Римское войско ликовало, как оно, вероятно, не ликовало со времен Болгаробойцы или Никифора Фоки. Словно шквал морской, оно поднялось и, грохоча копытами, ударило на замешкавшихся кочевников. Ржали кони, визжали в обозе агарянки, предчувствуя, что еще до рассвета они станут усладой победителей. Скачущие римляне опрокидывали их телеги, разбивали возы с поклажей, разгоняли конвой. Вот освобожденные из плена бегут с радостным плачем, среди них ковыляет матушка София, ведет маленьких дочерей.

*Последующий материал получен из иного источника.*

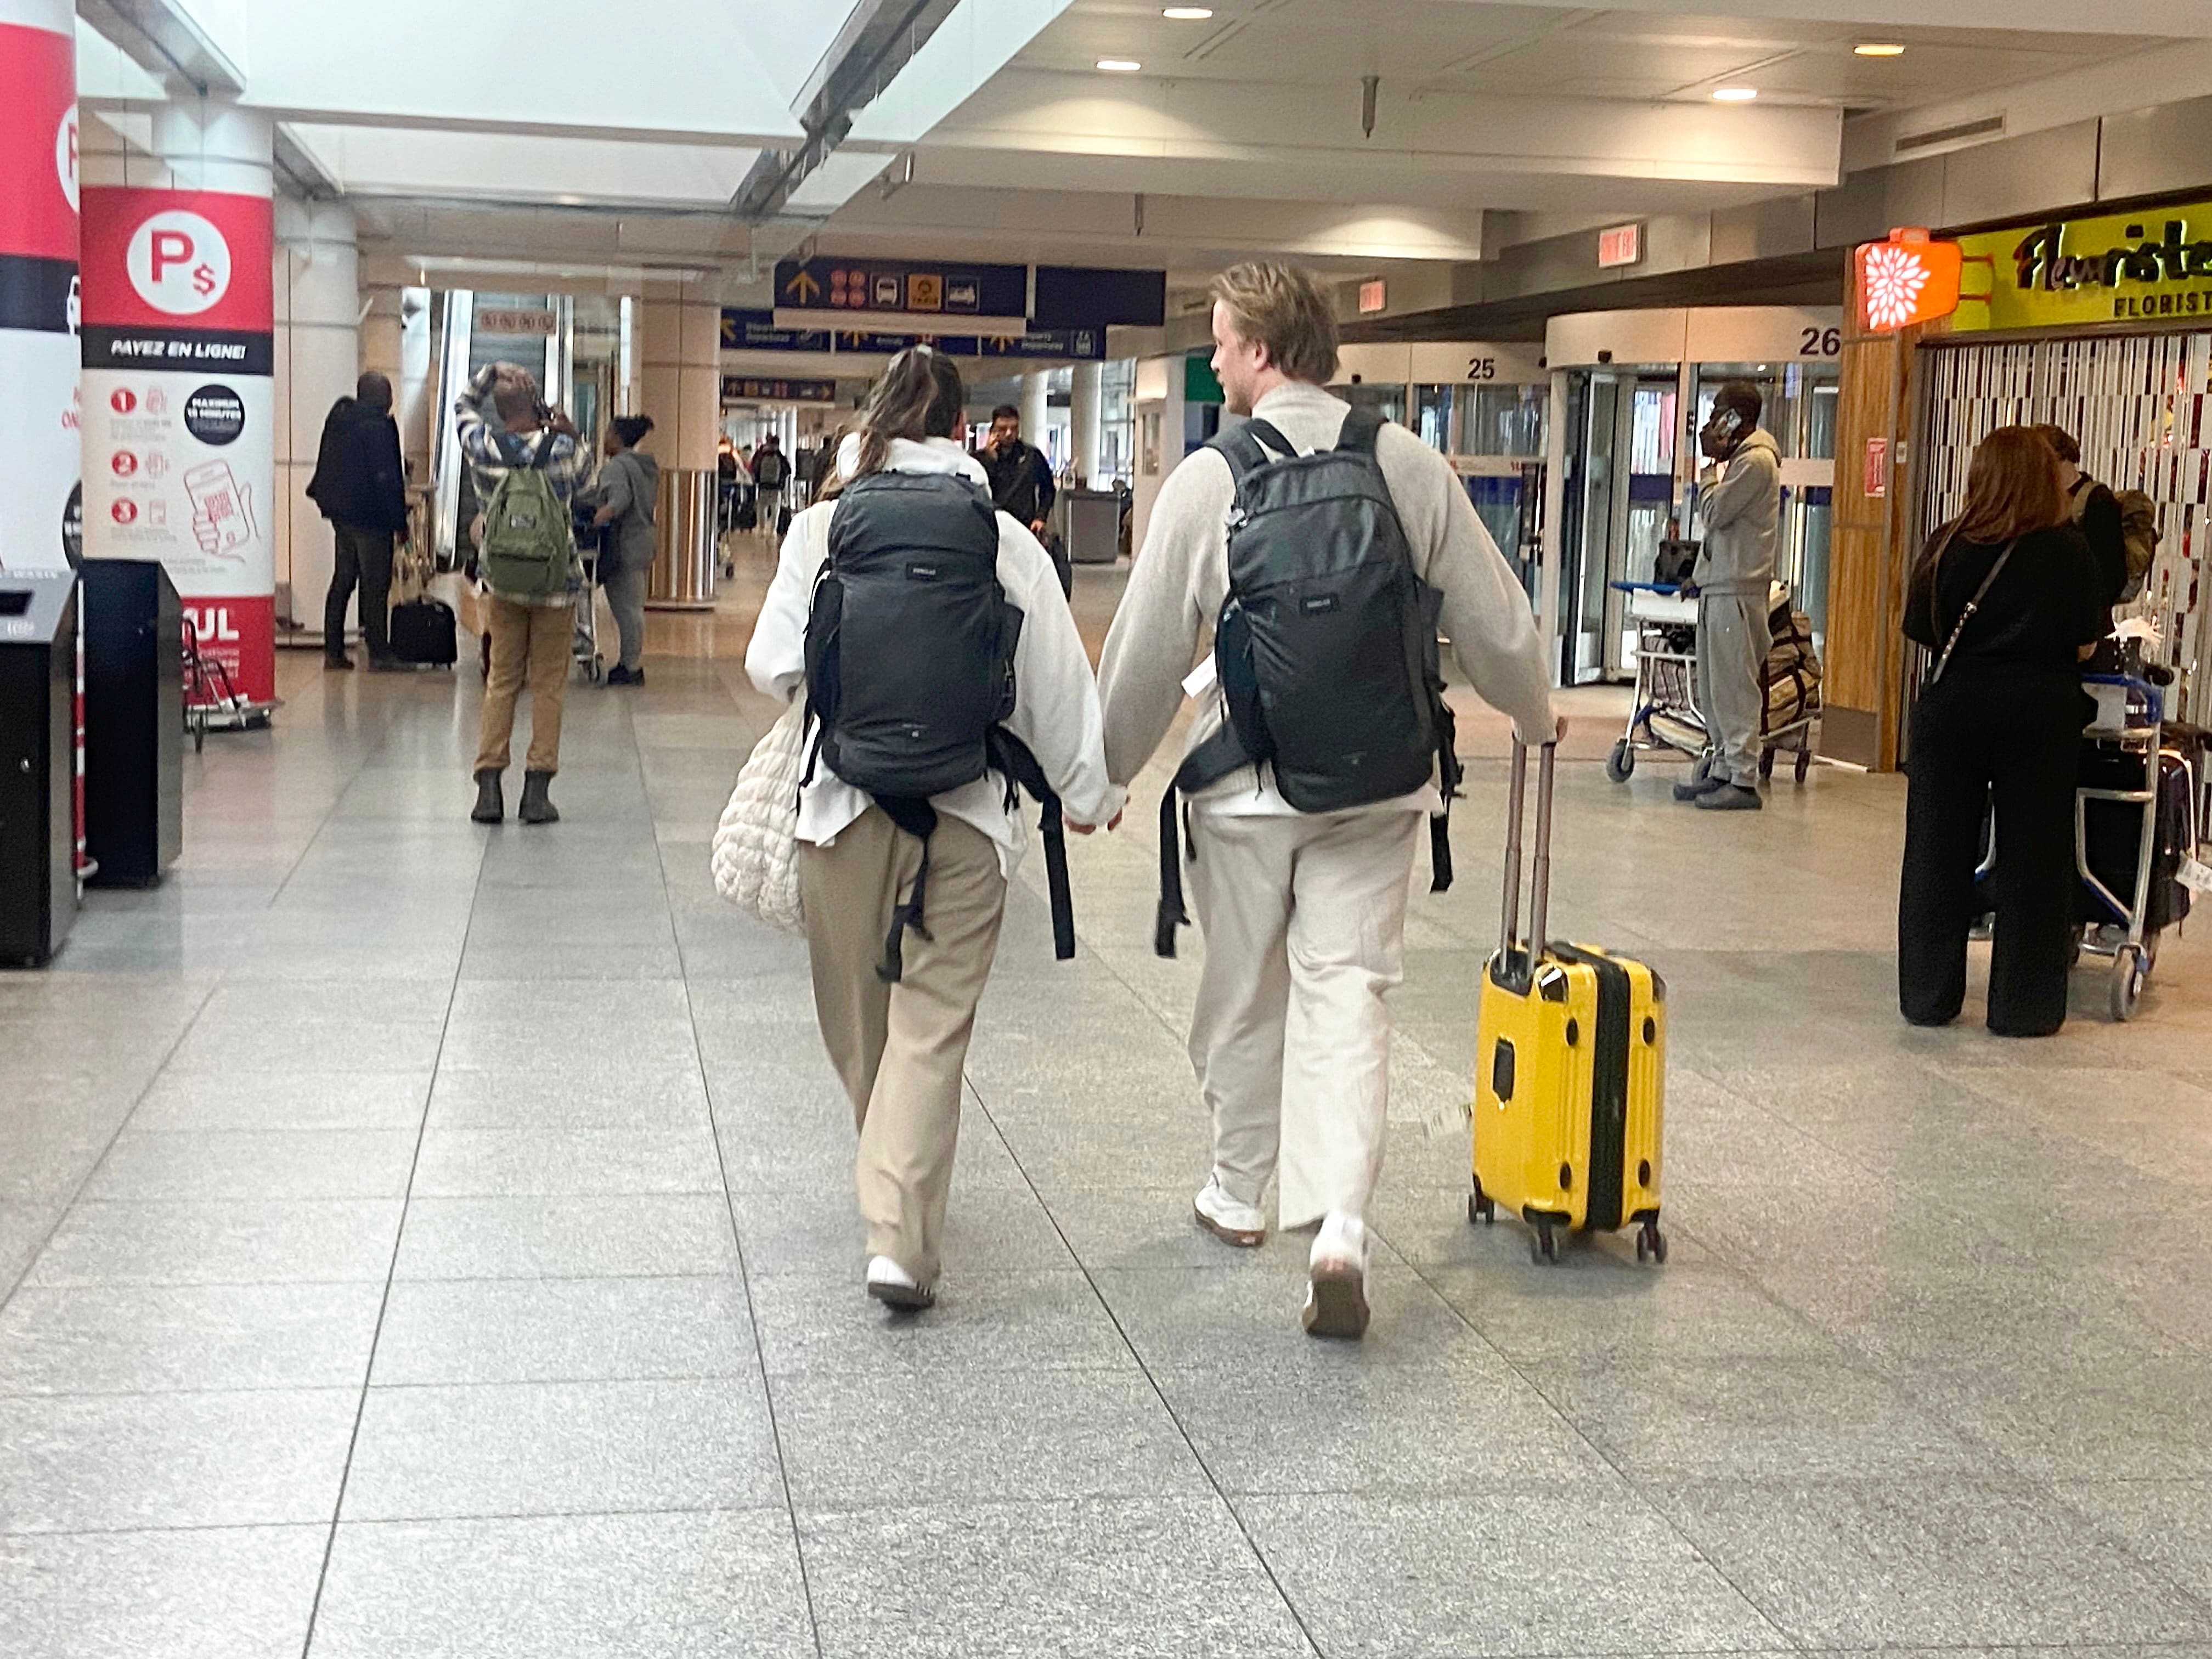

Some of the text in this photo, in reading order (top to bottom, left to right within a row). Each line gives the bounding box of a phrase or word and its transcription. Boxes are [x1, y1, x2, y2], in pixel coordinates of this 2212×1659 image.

[111, 339, 165, 357] PAYEZ
[167, 341, 193, 358] EN
[1799, 327, 1841, 356] 26
[1468, 358, 1496, 379] 25
[117, 391, 127, 411] 1
[117, 455, 131, 474] 2
[118, 500, 132, 522] 3

Они все собрались на отвоеванной Хоминой горе, перевязывали раненых, поили коней. Денис ехал шагом и чувствовал на себе тысячи глаз.
Подъехал к лежащему на траве Костаки, опустился на колени, заплакал, взял посиневшую руку юноши. С бедным Костаки Ивановичем было все кончено, в остановившемся его взгляде равнодушно отражалось осеннее небо.

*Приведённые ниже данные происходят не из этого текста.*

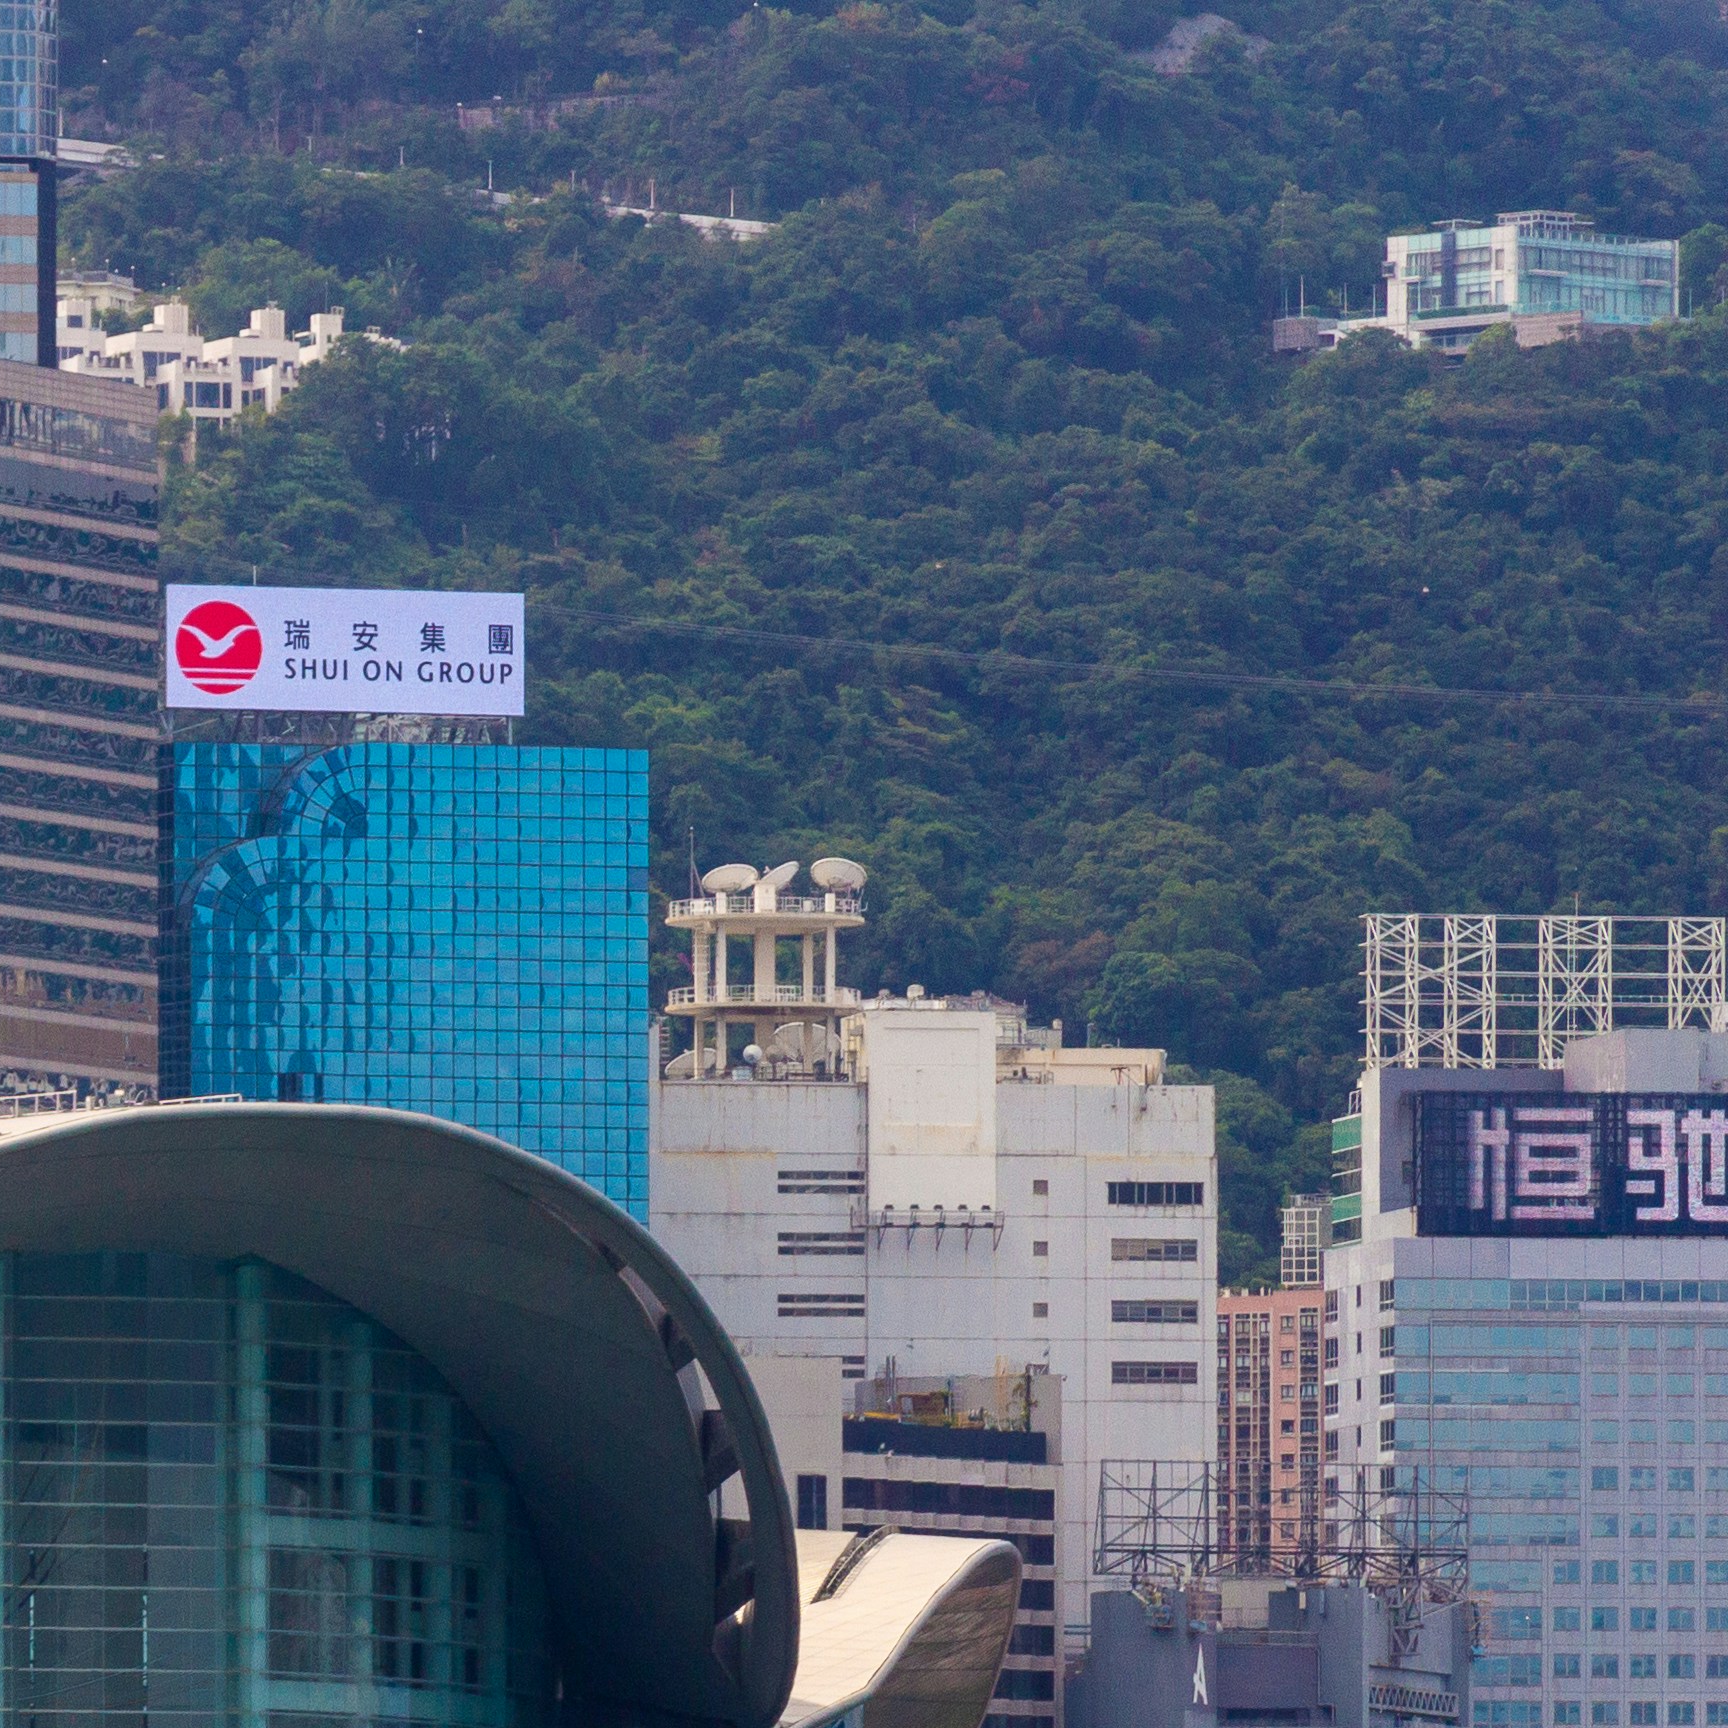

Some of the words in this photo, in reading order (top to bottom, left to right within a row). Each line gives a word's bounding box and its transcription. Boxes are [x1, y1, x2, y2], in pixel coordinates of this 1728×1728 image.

[284, 619, 513, 655] 瑞安集團
[284, 658, 348, 681] SHUI
[362, 659, 403, 682] ON
[417, 661, 513, 684] GROUP

Сколько же смертей, сколько потерь и доколе теперь все это будет продолжаться?
Пришел кир Апокавк со святыми дарами. Присутствующие стали отстегивать ремешки шлемов. И Денис поднялся с колен, дука Цурул и Ласкарь почтительно подсадили его в седло. Никита Акоминат подал копье, которое обычно держал Костаки. Денис обернулся — кругом стояли дружинники. Русины, все пафлагонцы, верные в борьбе люди. Тут и мальчишки, которые подбирали в бою стрелы, вручали их стрелкам, тут и девушки, которые подавали бойцам пить, тут и попы, которые спешили соборовать смертельно раненных… Тут и Фома Русин, упрямец, которого уводили на перевязку, а он все показывал своему оппоненту Стративулу два пальца — не веруют, мол, бесы, если же они веруют, они уже не бесы…
И стоят кругом люди — старые и молодые, блондины и брюнеты, толстые и худые, высокие и низенькие, смуглые и бледные, лысые и волосатые, бородатые и бритые, красивые и безобразные — тьма народа! — и все ждут от него чего-то…
И он выезжает на вершину холма, восторг неземной, судорога всего пережитого его объемлет, он приподнимается в седле и потрясает боевым копьем, которое принесло сегодня победу, и хриплый голос его сам как буря:
— Слава Христу!
Теперь он должен идти к старому Русину, который ждет его на баштане, зачем идти он сам не понимает, но тот ждет его и ему сто лет, значит, надо идти.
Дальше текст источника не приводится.